**ACTIVITY**
For this exercise, return all the data word for word, with images left out.

Segment Start: SOURCE INFORMATION

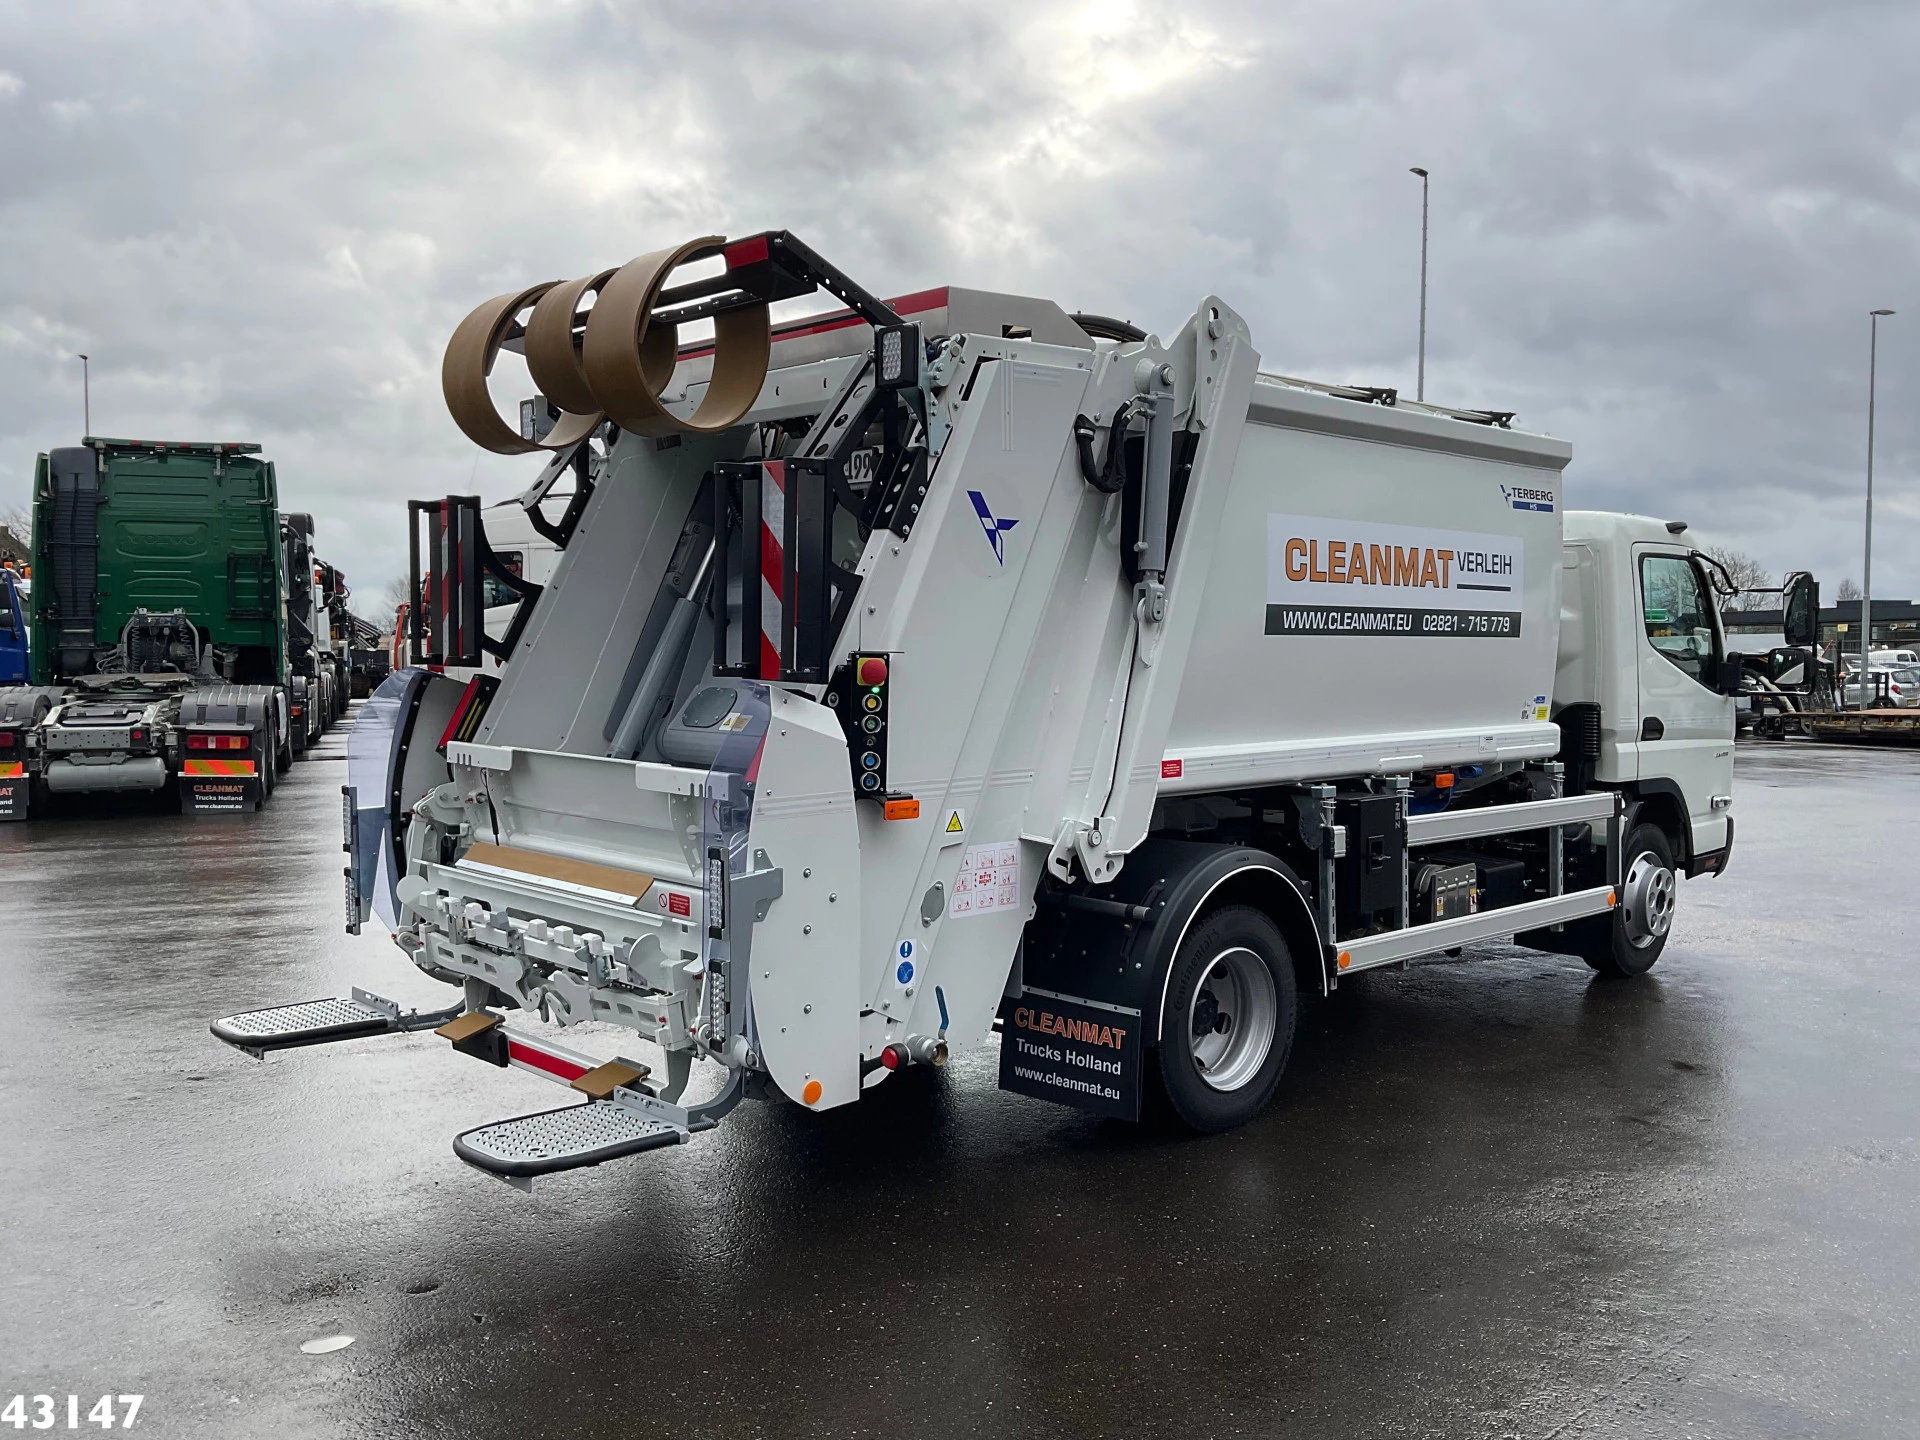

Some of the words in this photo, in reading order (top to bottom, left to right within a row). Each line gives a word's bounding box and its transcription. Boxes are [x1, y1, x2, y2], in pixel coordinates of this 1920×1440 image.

[1511, 487, 1554, 502] TERBERG
[127, 535, 198, 546] VOLVO
[1284, 537, 1454, 589] CLEANMAT
[1457, 550, 1512, 575] VERLEIH
[1283, 611, 1413, 631] WWW.CLEANMAT.EU
[1422, 614, 1458, 632] 02821
[1468, 615, 1488, 632] 715
[1491, 616, 1510, 632] 779
[193, 784, 244, 793] CLEANMAT
[1014, 1006, 1126, 1050] CLEANMAT
[1015, 1037, 1061, 1061] Trucks
[1065, 1049, 1122, 1076] Holland
[1014, 1065, 1120, 1100] www.cleanmat.eu

Segment End: SOURCE INFORMATION

**SOLUTION**
Some of the words in this photo, in reading order (top to bottom, left to right within a row). Each line gives a word's bounding box and its transcription. Boxes are [x1, y1, x2, y2], in pixel coordinates of this 1920×1440 image.

[1511, 487, 1554, 502] TERBERG
[127, 535, 198, 546] VOLVO
[1284, 537, 1454, 589] CLEANMAT
[1457, 550, 1512, 575] VERLEIH
[1283, 611, 1413, 631] WWW.CLEANMAT.EU
[1422, 614, 1458, 632] 02821
[1468, 615, 1488, 632] 715
[1491, 616, 1510, 632] 779
[193, 784, 244, 793] CLEANMAT
[1014, 1006, 1126, 1050] CLEANMAT
[1015, 1037, 1061, 1061] Trucks
[1065, 1049, 1122, 1076] Holland
[1014, 1065, 1120, 1100] www.cleanmat.eu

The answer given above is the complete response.